Na minha qualidade de Médico com 60 anos de experiência de clínica – privada, voluntária, convencionada, hospitalar e docente – sinto a necessidade de expor a minha opinião pessoal sobre 2 ou 3 temas que me parecem candentes na nossa Sociedade de hoje, e face aos quais não sou insensível. Todavia não tento, nem quero mesmo, criar qualquer espécie de luta fratricida intergeracional, ou sequer abrir polémica.

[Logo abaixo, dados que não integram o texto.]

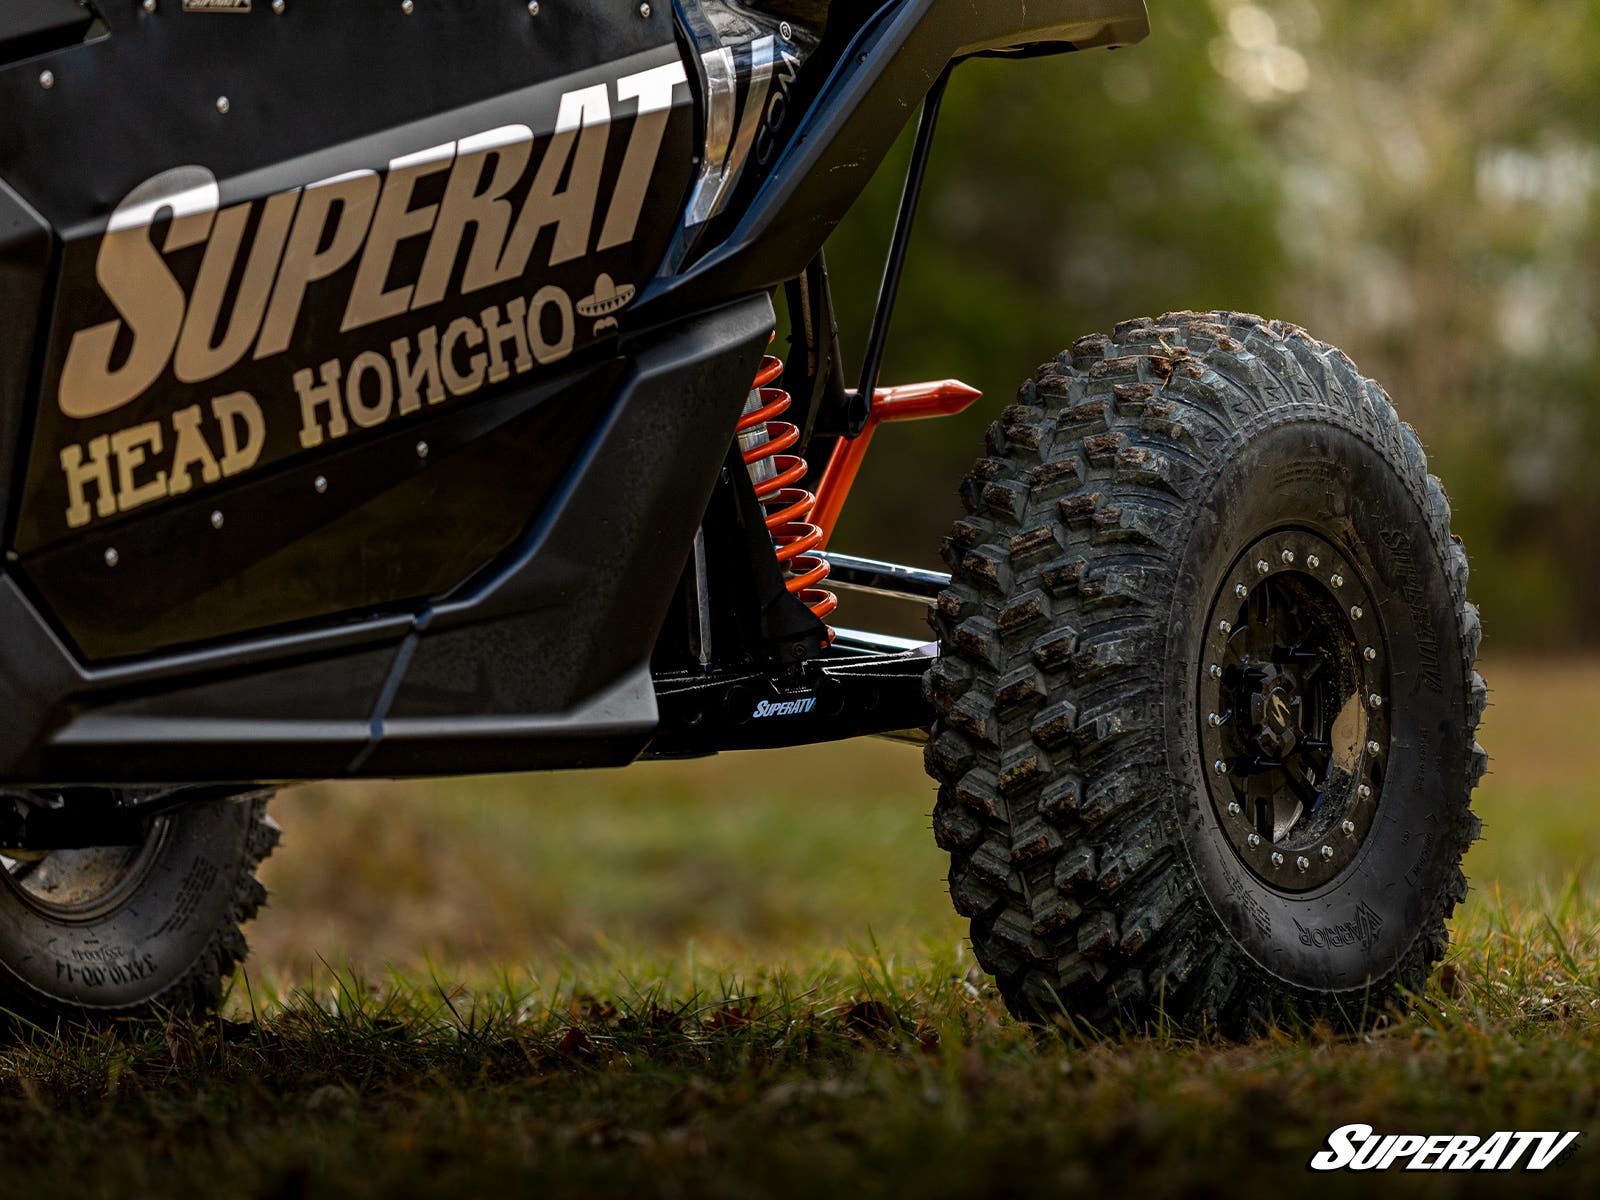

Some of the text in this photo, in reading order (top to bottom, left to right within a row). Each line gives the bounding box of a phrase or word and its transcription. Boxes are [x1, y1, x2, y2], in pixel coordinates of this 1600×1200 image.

[60, 390, 266, 529] HEAD
[753, 697, 817, 719] SUPERATV
[1292, 900, 1385, 950] WARRIOR

É um testemunho, que aqui fica escrito, para quem o quiser ler (e talvez nem o mereça). O seu único mérito é ter sido vivido – saber de experiência feito!

O MÉDICO
1 - Toda a vida disse e ensinei que “O Médico é o melhor remédio”, e continuo a constatá-lo todos os dias! Acontece que tal não é o sentir de maioria dos responsáveis não médicos pela saúde (e de alguns médicos também).
Num passado já longínquo, todos nós fomos acusados ou culpados de quase todos os problemas da saúde. Desacreditados e desanimados, vendo a nossa aura de respeitabilidade amesquinhada, e os nossos créditos científicos postos diariamente em causa (e cada vez mais em Tribunal), todos nós vimos os doentes, reais ou imaginários, passarem a acreditar quase só nos “exames” (técnicas auxiliares de diagnóstico), e os médicos passarem a ter que se defender, multiplicando esses mesmos exames.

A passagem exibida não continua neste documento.